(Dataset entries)
++++++++++++++++++++
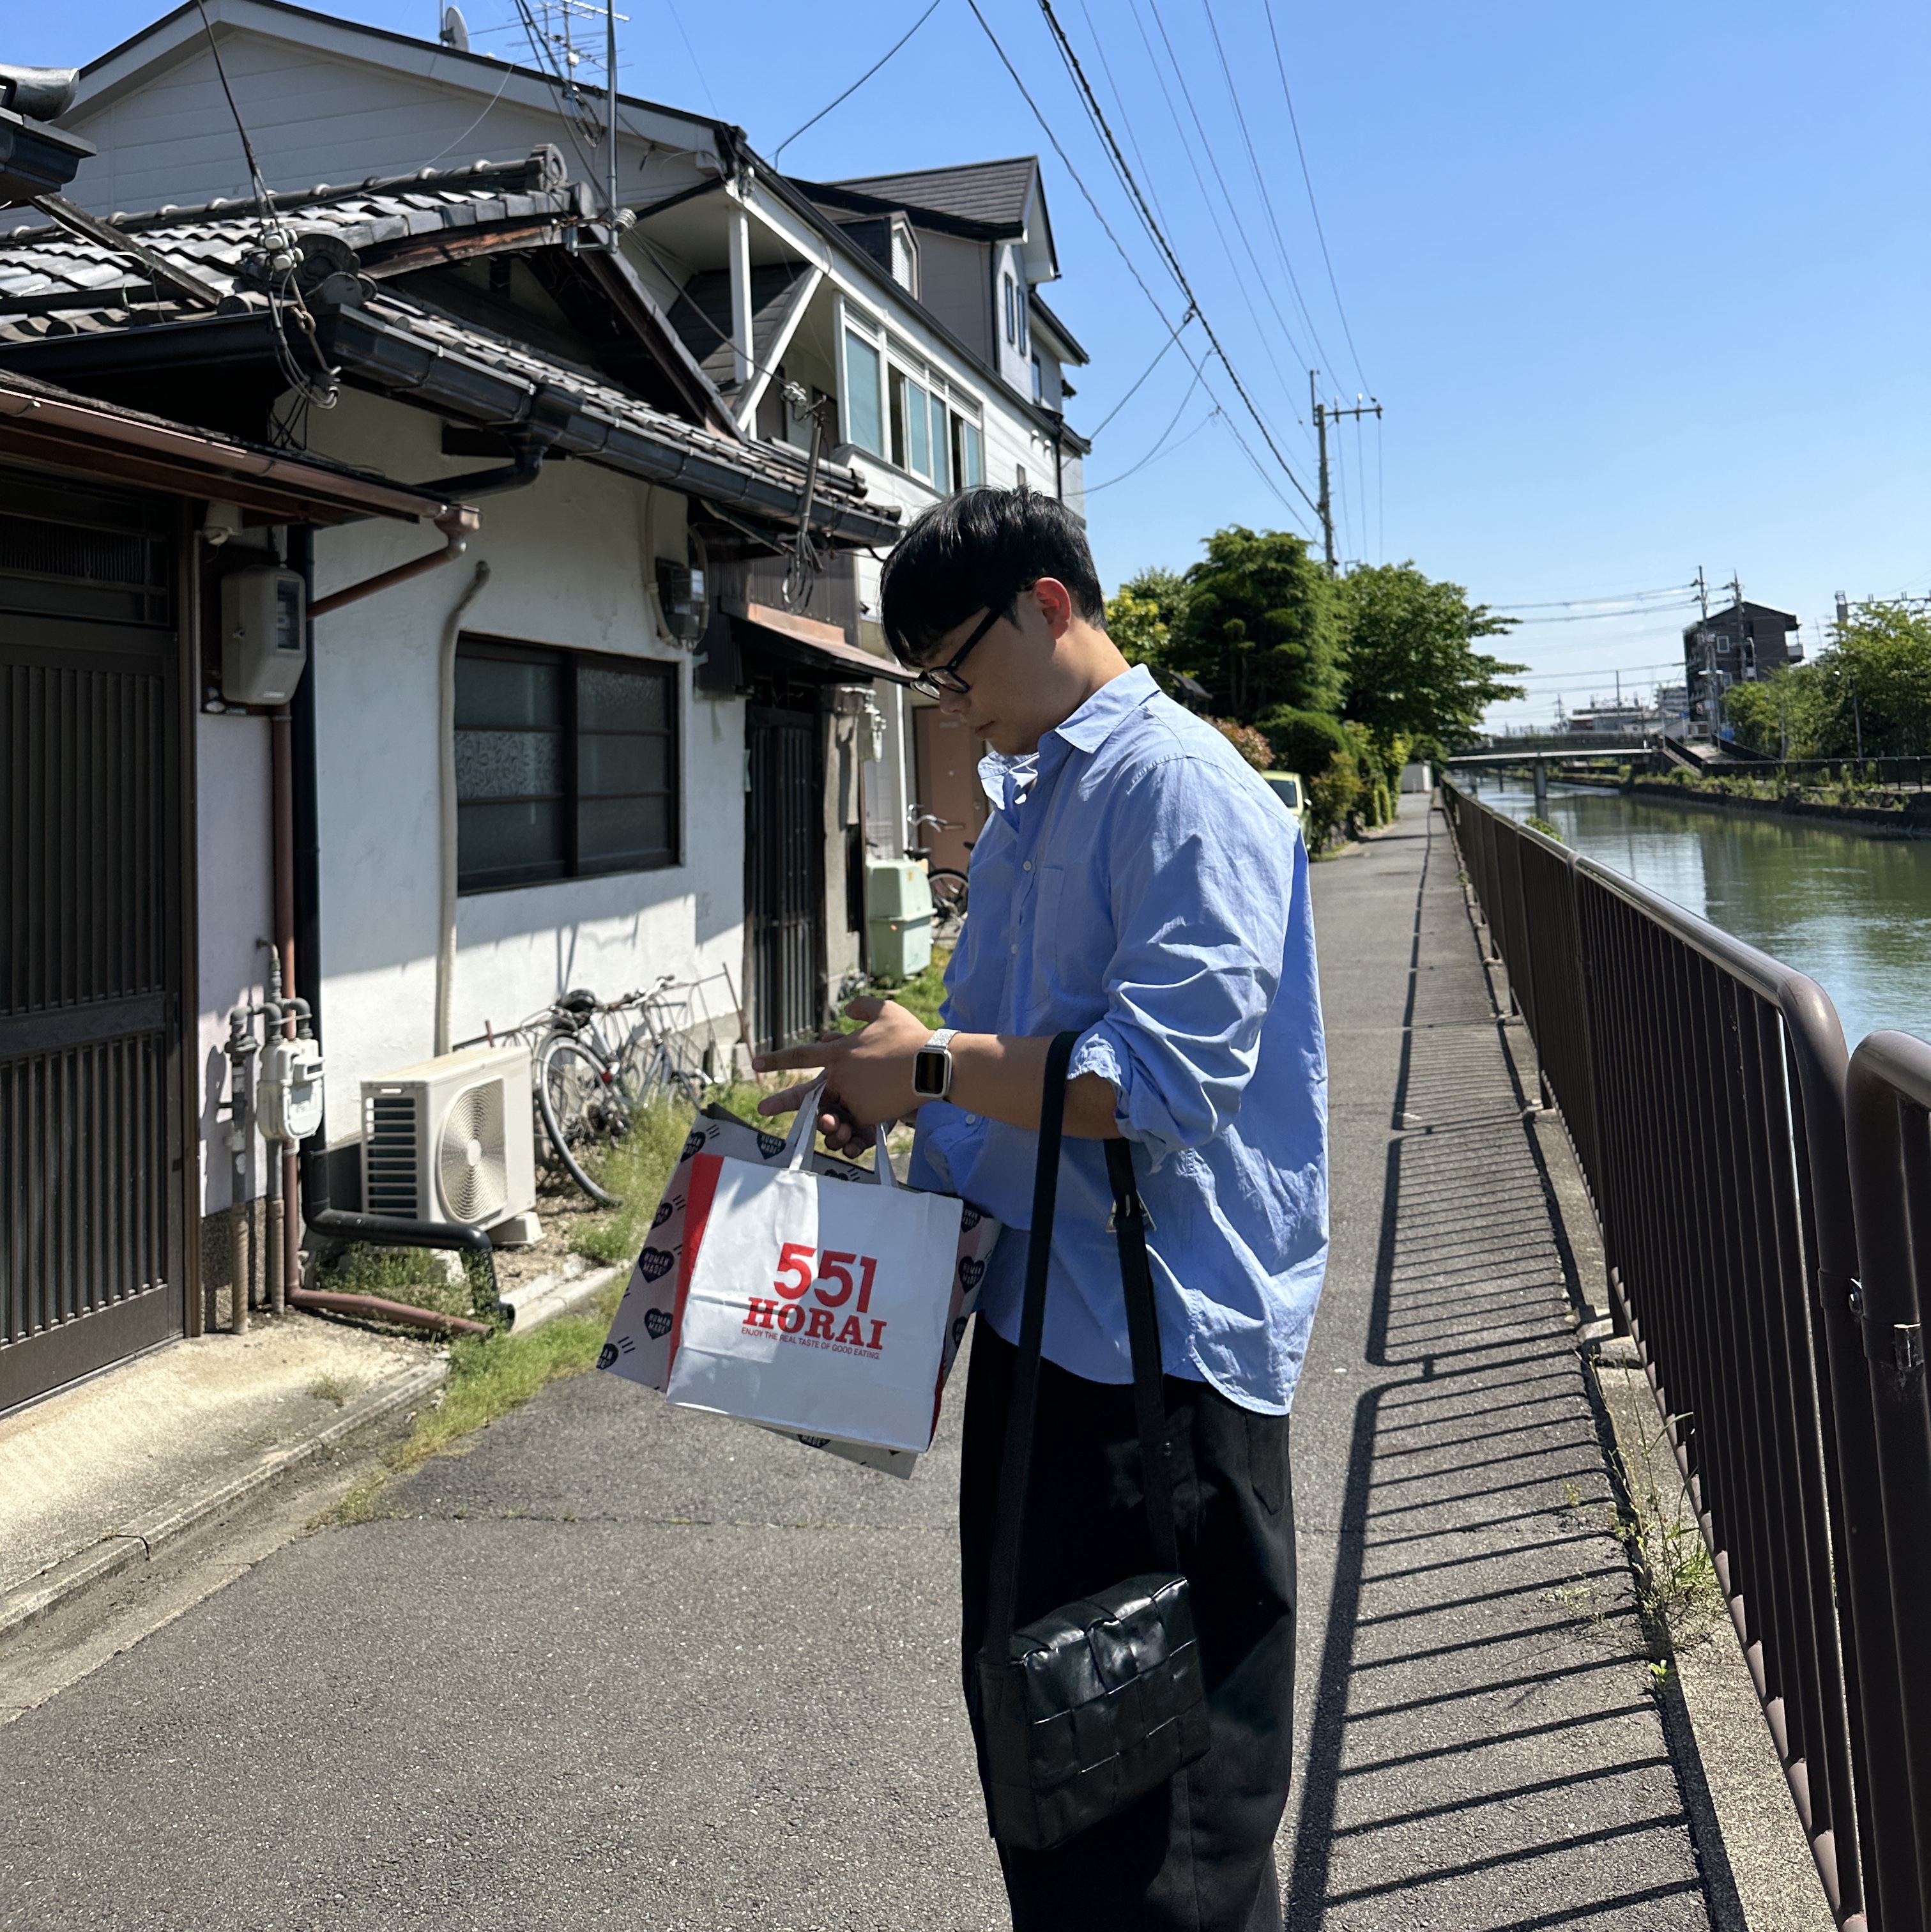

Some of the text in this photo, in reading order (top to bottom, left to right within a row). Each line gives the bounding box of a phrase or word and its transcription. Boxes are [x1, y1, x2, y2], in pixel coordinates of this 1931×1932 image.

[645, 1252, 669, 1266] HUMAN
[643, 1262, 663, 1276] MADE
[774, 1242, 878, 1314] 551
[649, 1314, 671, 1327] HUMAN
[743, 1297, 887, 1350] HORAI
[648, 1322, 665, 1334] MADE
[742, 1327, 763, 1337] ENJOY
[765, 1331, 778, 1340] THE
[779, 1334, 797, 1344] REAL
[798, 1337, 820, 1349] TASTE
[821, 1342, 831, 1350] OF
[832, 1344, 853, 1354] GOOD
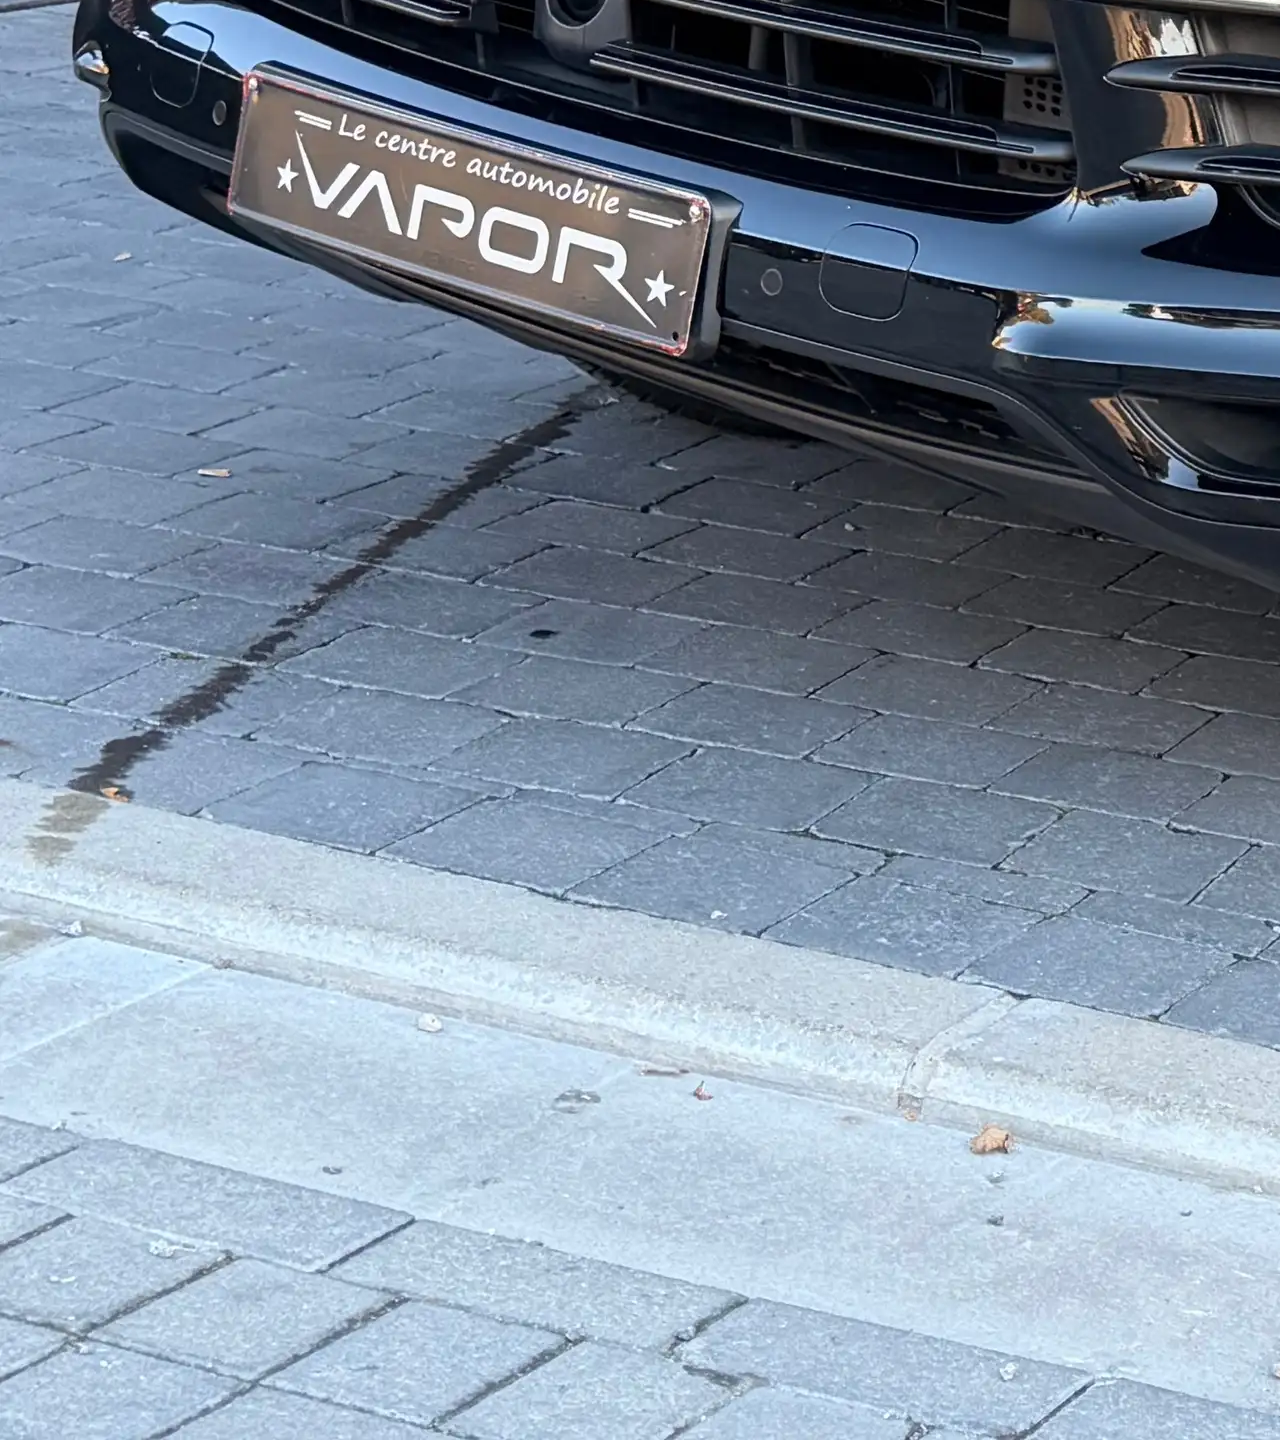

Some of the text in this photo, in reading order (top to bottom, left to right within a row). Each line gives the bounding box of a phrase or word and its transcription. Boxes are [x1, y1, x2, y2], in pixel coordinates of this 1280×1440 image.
++++++++++++++++++++
What the exercise asks: Repeat the data above exactly, leaving out any pictures it holds.

Result of this exercise:
Some of the text in this photo, in reading order (top to bottom, left to right within a row). Each line gives the bounding box of a phrase or word and its transcription. Boxes are [x1, y1, x2, y2], in pixel coordinates of this 1931×1932 image.

[645, 1252, 669, 1266] HUMAN
[643, 1262, 663, 1276] MADE
[774, 1242, 878, 1314] 551
[649, 1314, 671, 1327] HUMAN
[743, 1297, 887, 1350] HORAI
[648, 1322, 665, 1334] MADE
[742, 1327, 763, 1337] ENJOY
[765, 1331, 778, 1340] THE
[779, 1334, 797, 1344] REAL
[798, 1337, 820, 1349] TASTE
[821, 1342, 831, 1350] OF
[832, 1344, 853, 1354] GOOD

Some of the text in this photo, in reading order (top to bottom, left to right within a row). Each line gives the bounding box of a phrase or word and its transcription. Boxes are [x1, y1, x2, y2], in pixel coordinates of this 1280×1440 image.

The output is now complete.